BEGIN Extracted records

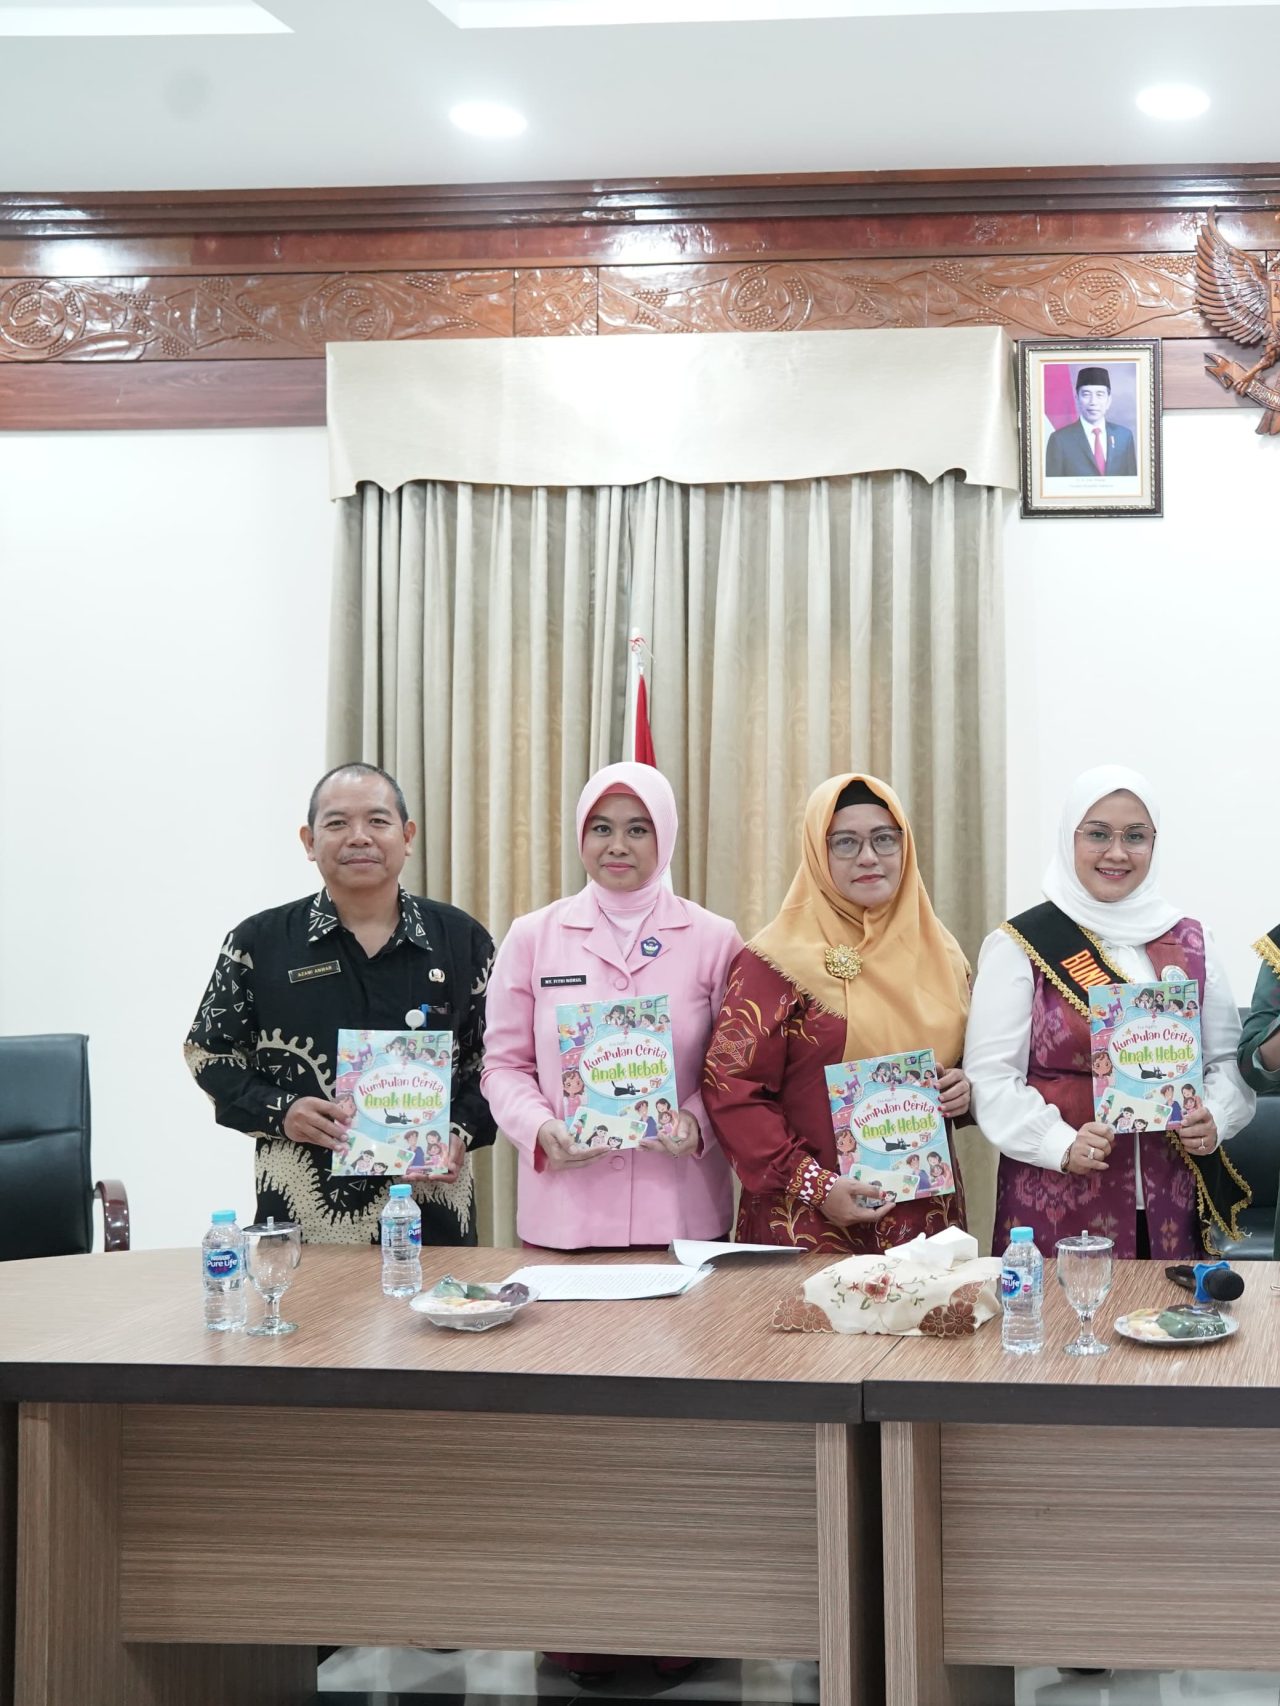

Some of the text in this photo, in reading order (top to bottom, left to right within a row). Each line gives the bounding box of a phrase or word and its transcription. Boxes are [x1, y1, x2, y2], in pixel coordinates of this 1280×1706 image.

[1061, 949, 1111, 992] BUND
[1163, 1028, 1194, 1045] Cerita
[635, 1044, 667, 1059] Cerita
[1119, 1044, 1195, 1065] Anak Hebat
[591, 1059, 669, 1082] Anak Hebat
[412, 1076, 444, 1093] Cerita
[364, 1091, 444, 1110] Anak Hebat
[903, 1099, 935, 1113] Cerita
[862, 1113, 937, 1140] Anak Hebat
[207, 1259, 238, 1268] Pure Life
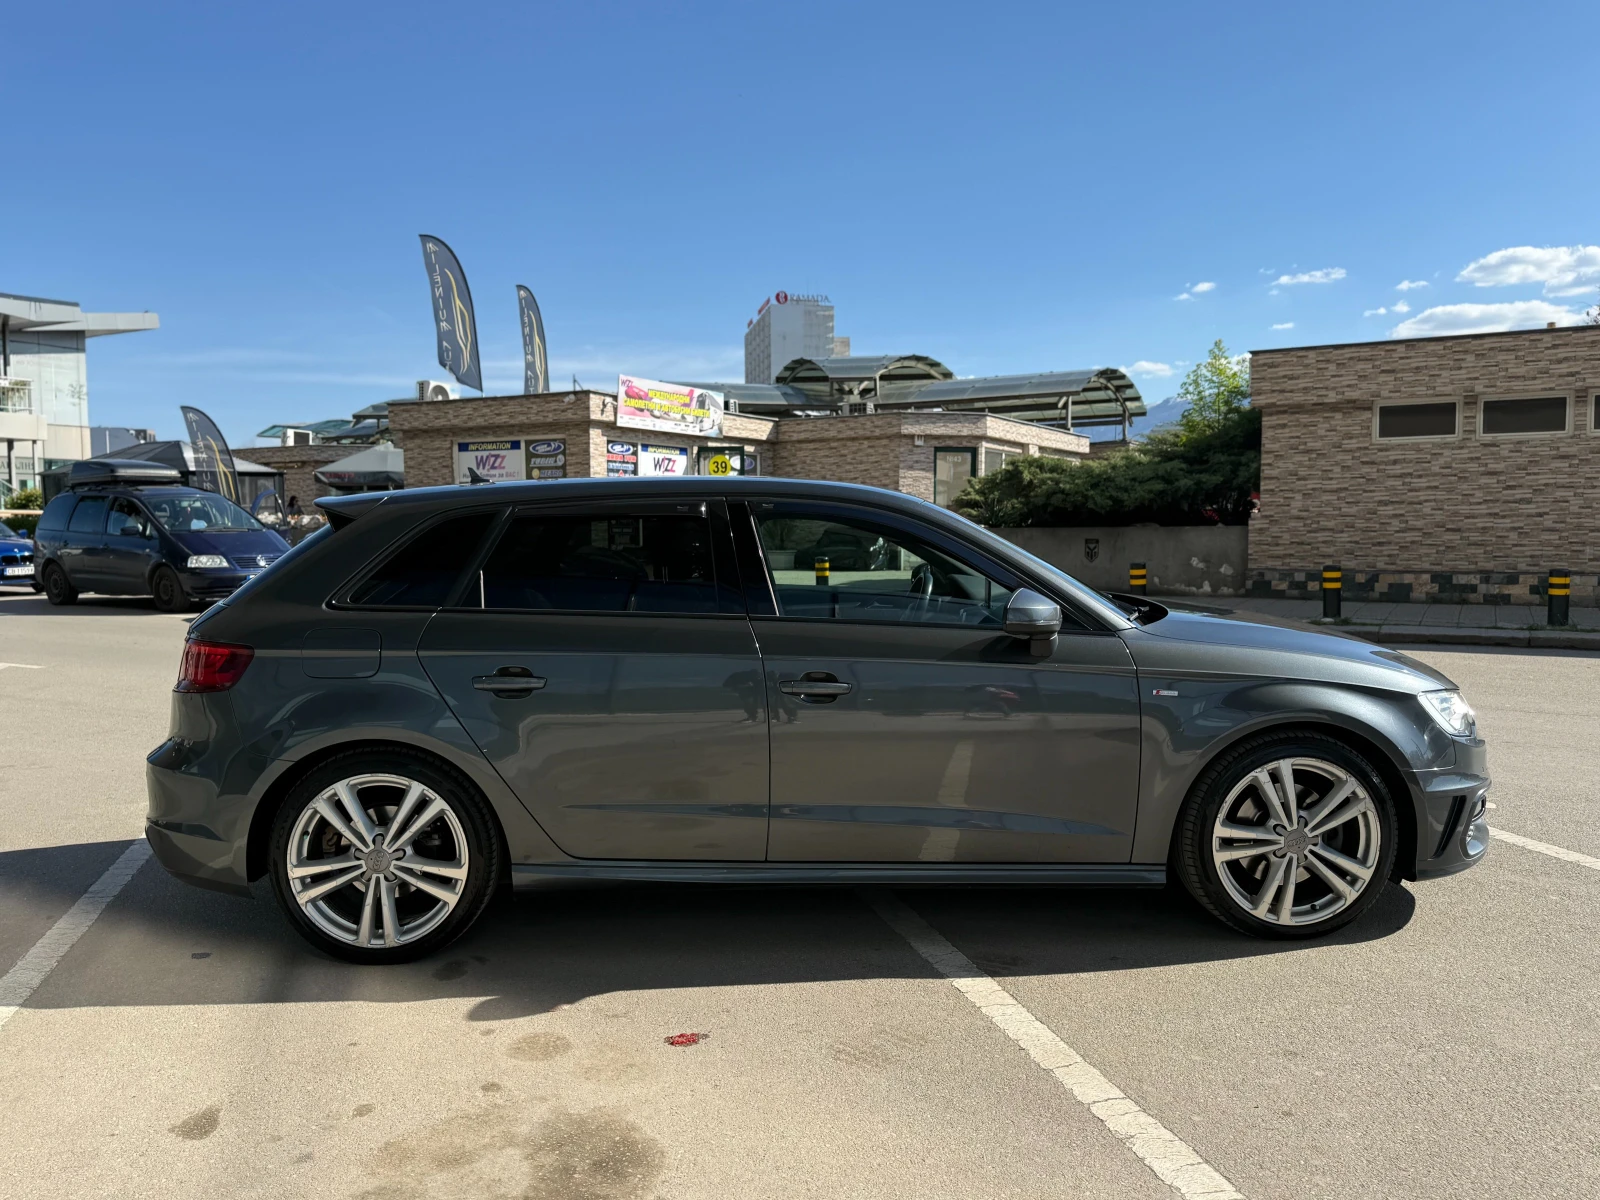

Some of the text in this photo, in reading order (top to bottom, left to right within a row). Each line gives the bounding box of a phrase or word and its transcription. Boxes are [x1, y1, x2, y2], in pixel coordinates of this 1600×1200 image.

[789, 293, 831, 303] RAMADA
[468, 442, 511, 451] INFORMATION
[648, 446, 680, 455] INFORMATION
[712, 461, 728, 473] 39
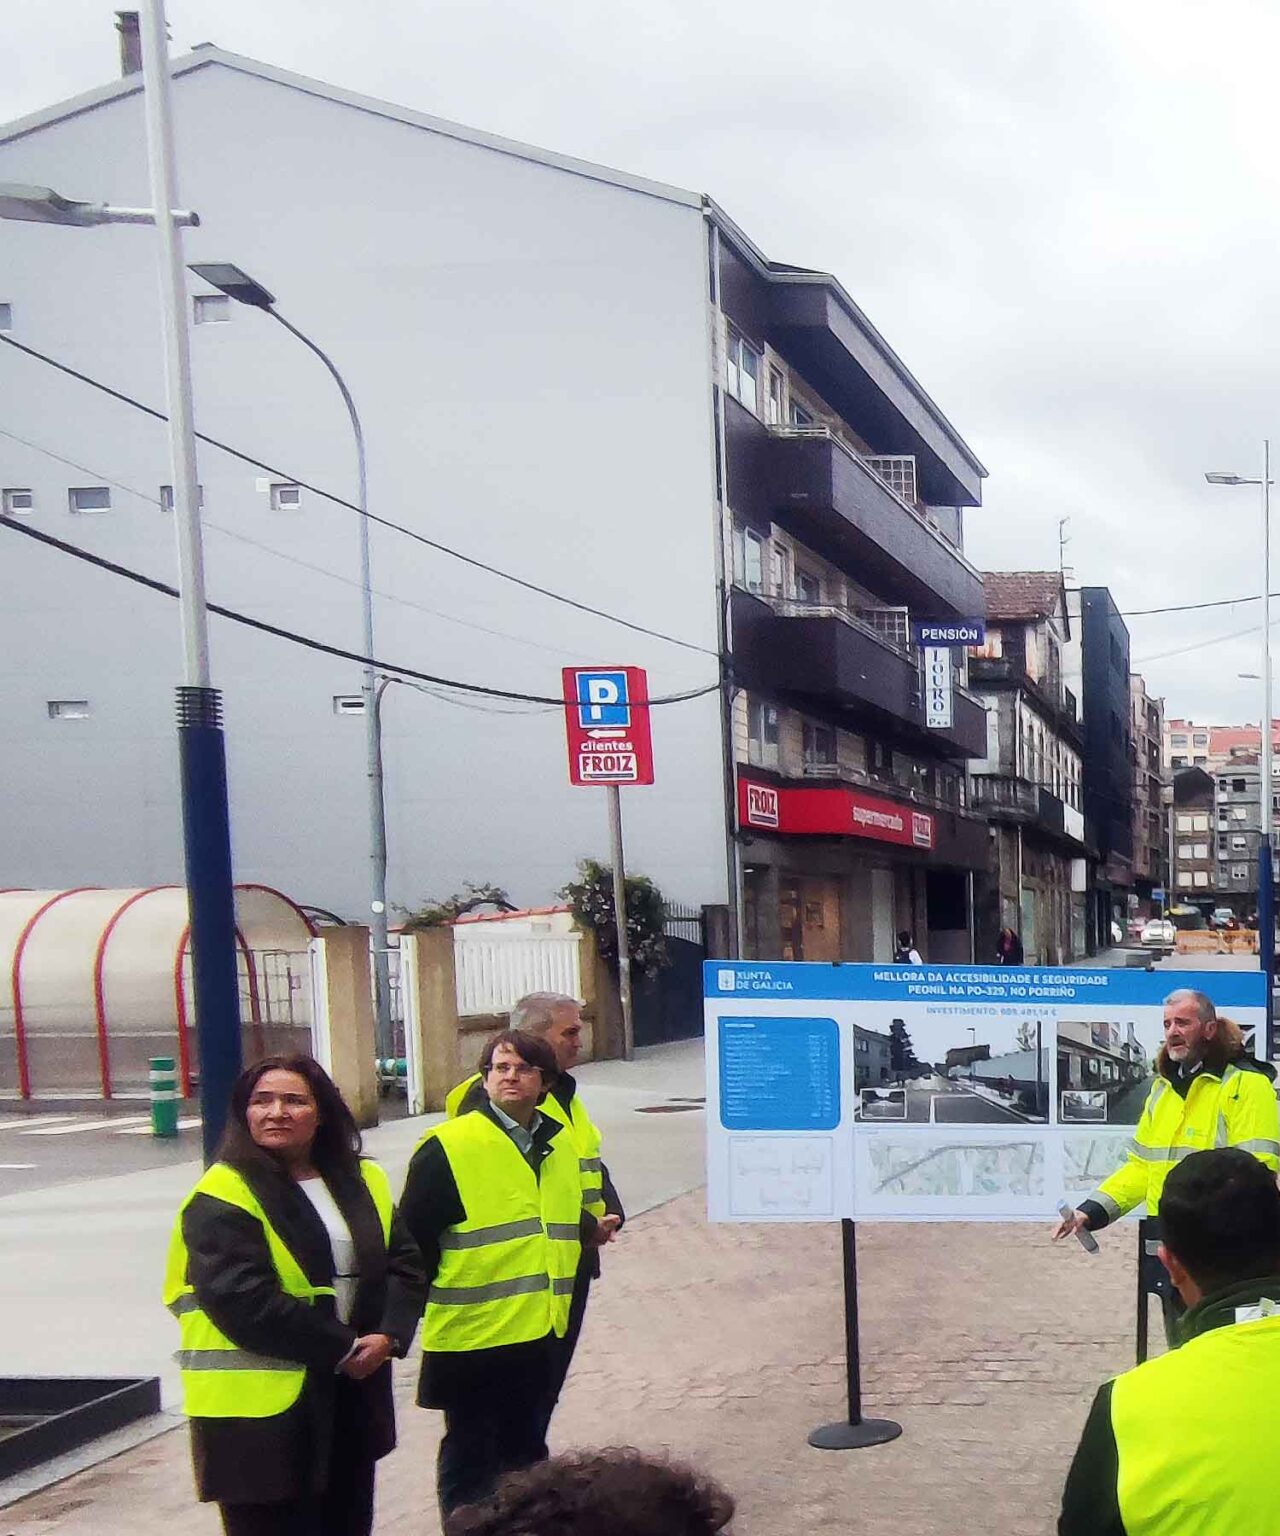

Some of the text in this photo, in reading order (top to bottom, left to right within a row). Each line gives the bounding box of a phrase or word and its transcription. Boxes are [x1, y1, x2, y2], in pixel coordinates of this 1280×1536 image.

[922, 627, 978, 640] PENSIÓN
[932, 649, 945, 712] LOURO
[588, 679, 618, 719] P
[580, 740, 633, 752] clientes
[582, 755, 633, 772] FROIZ
[750, 788, 776, 816] FROIZ
[853, 806, 903, 832] supermercado
[914, 813, 931, 837] FROIZ
[736, 971, 772, 981] XUNTA
[874, 971, 1108, 986] MELLORA DA ACCESIBILIDADE E SEGURIDADE
[736, 980, 793, 990] DE GALICIA
[908, 985, 947, 995] PEONIL
[949, 985, 965, 995] NA
[1010, 987, 1026, 997] NO
[1029, 985, 1076, 998] PORRIÑO

END Extracted records

▸ **Task details**:
Every record must be returned exactly. Leave its pictures out.

▸ **Result for this task**:
Some of the text in this photo, in reading order (top to bottom, left to right within a row). Each line gives the bounding box of a phrase or word and its transcription. Boxes are [x1, y1, x2, y2], in pixel coordinates of this 1280×1706 image.

[1061, 949, 1111, 992] BUND
[1163, 1028, 1194, 1045] Cerita
[635, 1044, 667, 1059] Cerita
[1119, 1044, 1195, 1065] Anak Hebat
[591, 1059, 669, 1082] Anak Hebat
[412, 1076, 444, 1093] Cerita
[364, 1091, 444, 1110] Anak Hebat
[903, 1099, 935, 1113] Cerita
[862, 1113, 937, 1140] Anak Hebat
[207, 1259, 238, 1268] Pure Life

Some of the text in this photo, in reading order (top to bottom, left to right within a row). Each line gives the bounding box of a phrase or word and its transcription. Boxes are [x1, y1, x2, y2], in pixel coordinates of this 1600×1200 image.

[789, 293, 831, 303] RAMADA
[468, 442, 511, 451] INFORMATION
[648, 446, 680, 455] INFORMATION
[712, 461, 728, 473] 39

Some of the text in this photo, in reading order (top to bottom, left to right within a row). Each line gives the bounding box of a phrase or word and its transcription. Boxes are [x1, y1, x2, y2], in pixel coordinates of this 1280×1536 image.

[922, 627, 978, 640] PENSIÓN
[932, 649, 945, 712] LOURO
[588, 679, 618, 719] P
[580, 740, 633, 752] clientes
[582, 755, 633, 772] FROIZ
[750, 788, 776, 816] FROIZ
[853, 806, 903, 832] supermercado
[914, 813, 931, 837] FROIZ
[736, 971, 772, 981] XUNTA
[874, 971, 1108, 986] MELLORA DA ACCESIBILIDADE E SEGURIDADE
[736, 980, 793, 990] DE GALICIA
[908, 985, 947, 995] PEONIL
[949, 985, 965, 995] NA
[1010, 987, 1026, 997] NO
[1029, 985, 1076, 998] PORRIÑO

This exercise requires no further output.